In Jesus the promise is fulfilled that God will gather his scattered people; despite their sin, God has now made a way for them to return to him. The price of sin has been paid in the death of Christ and the firstfruits of the harvest have been seen in his resurrection so that now all who trust in him can be saved, all those who believe that what he has done is the only thing that can rescue and redeem receive new life and eternal life and the promise of resurrection. All those who have been scattered over the face of the earth for all these centuries are now being gathered by his Holy Spirit and awaiting his return, that moment where the wheat is gathered in and the chaff is scattered and the firstfruits of his salvation, you and me, are offered to God as an offering in righteousness.

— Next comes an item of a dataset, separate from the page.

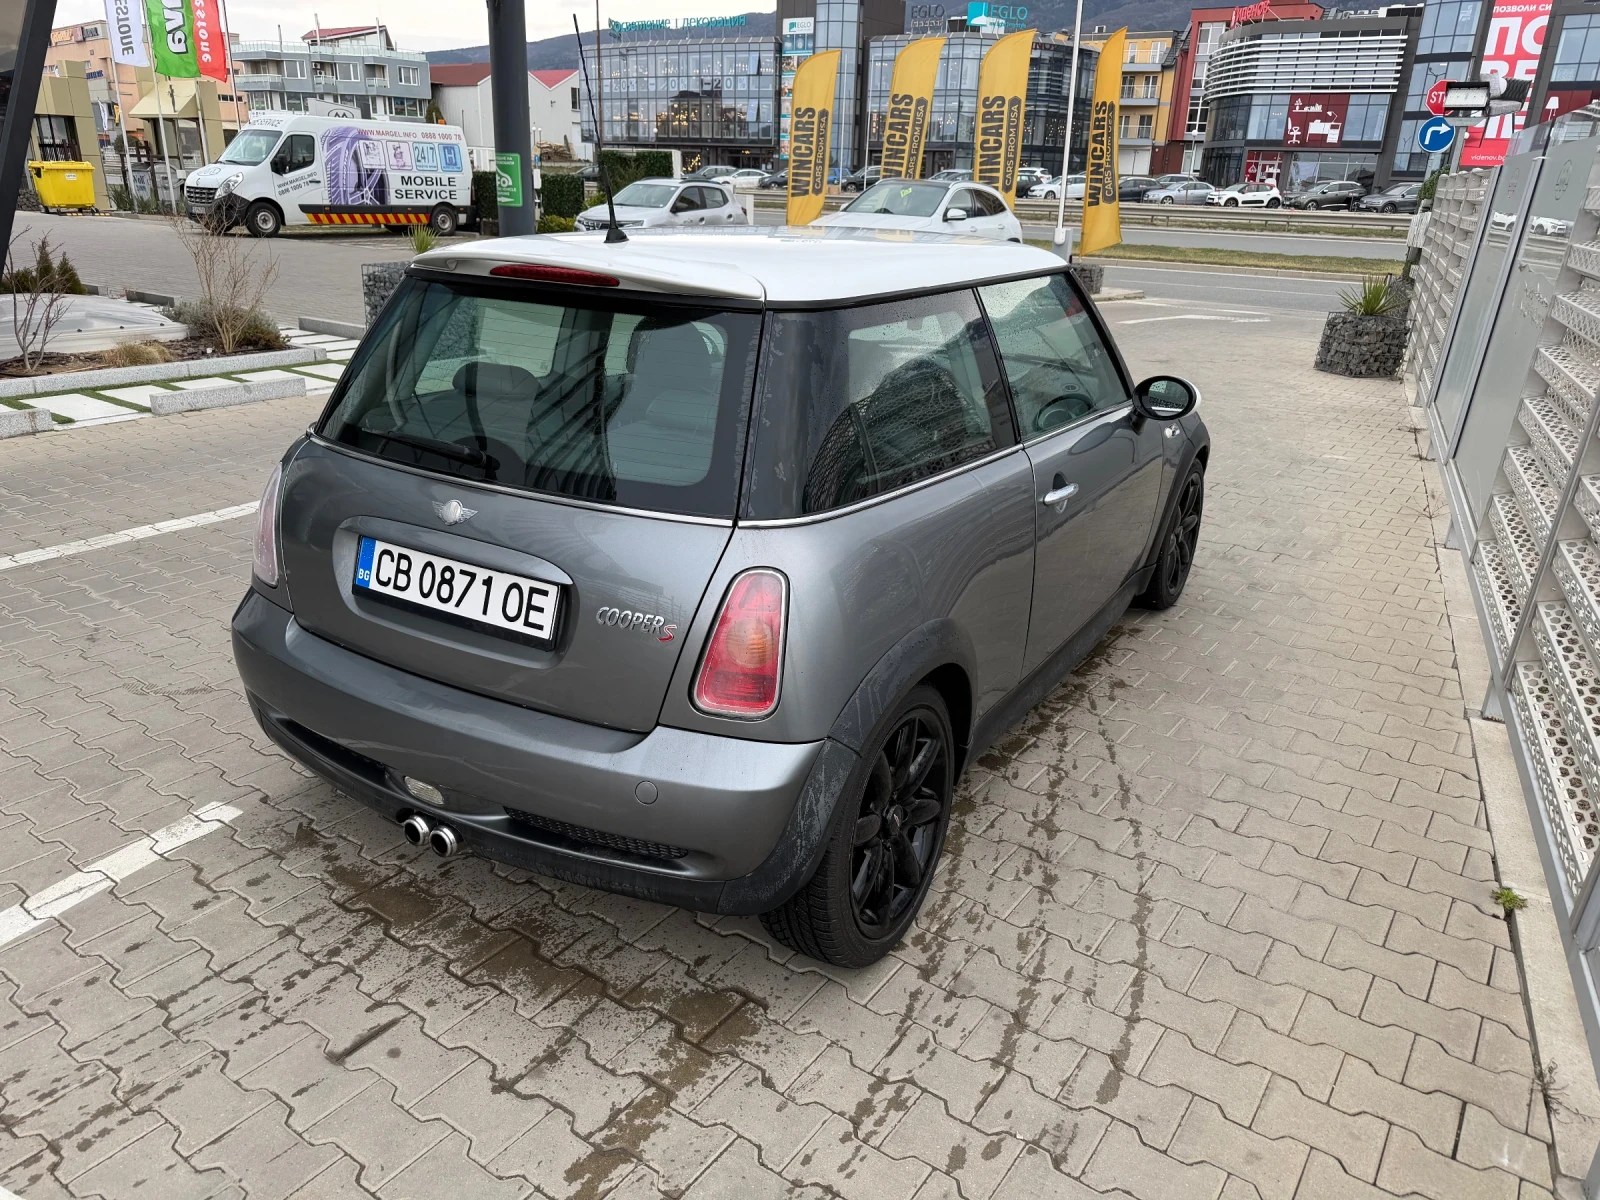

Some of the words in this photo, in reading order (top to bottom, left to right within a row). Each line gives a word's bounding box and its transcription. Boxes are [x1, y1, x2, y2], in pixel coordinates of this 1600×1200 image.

And then finally the effects of the fall will be reversed and there will be a new heaven and a new earth in which all will be well and all will be well and all manner of things will be well. The scattering of men in Genesis 11 is for the good of those who in their pride defied God, and the gathering that is finally seen in Revelation is Gods own harvest of his chosen. The thanksgiving we offer today is thanksgiving for having been chosen by grace and experiencing even among ourselves the firstfruits of a blessed eternity. The Lord scatters the proud who seek a name for themselves. The Lord chooses the harvest. May the name of the Lord be thanked and praised.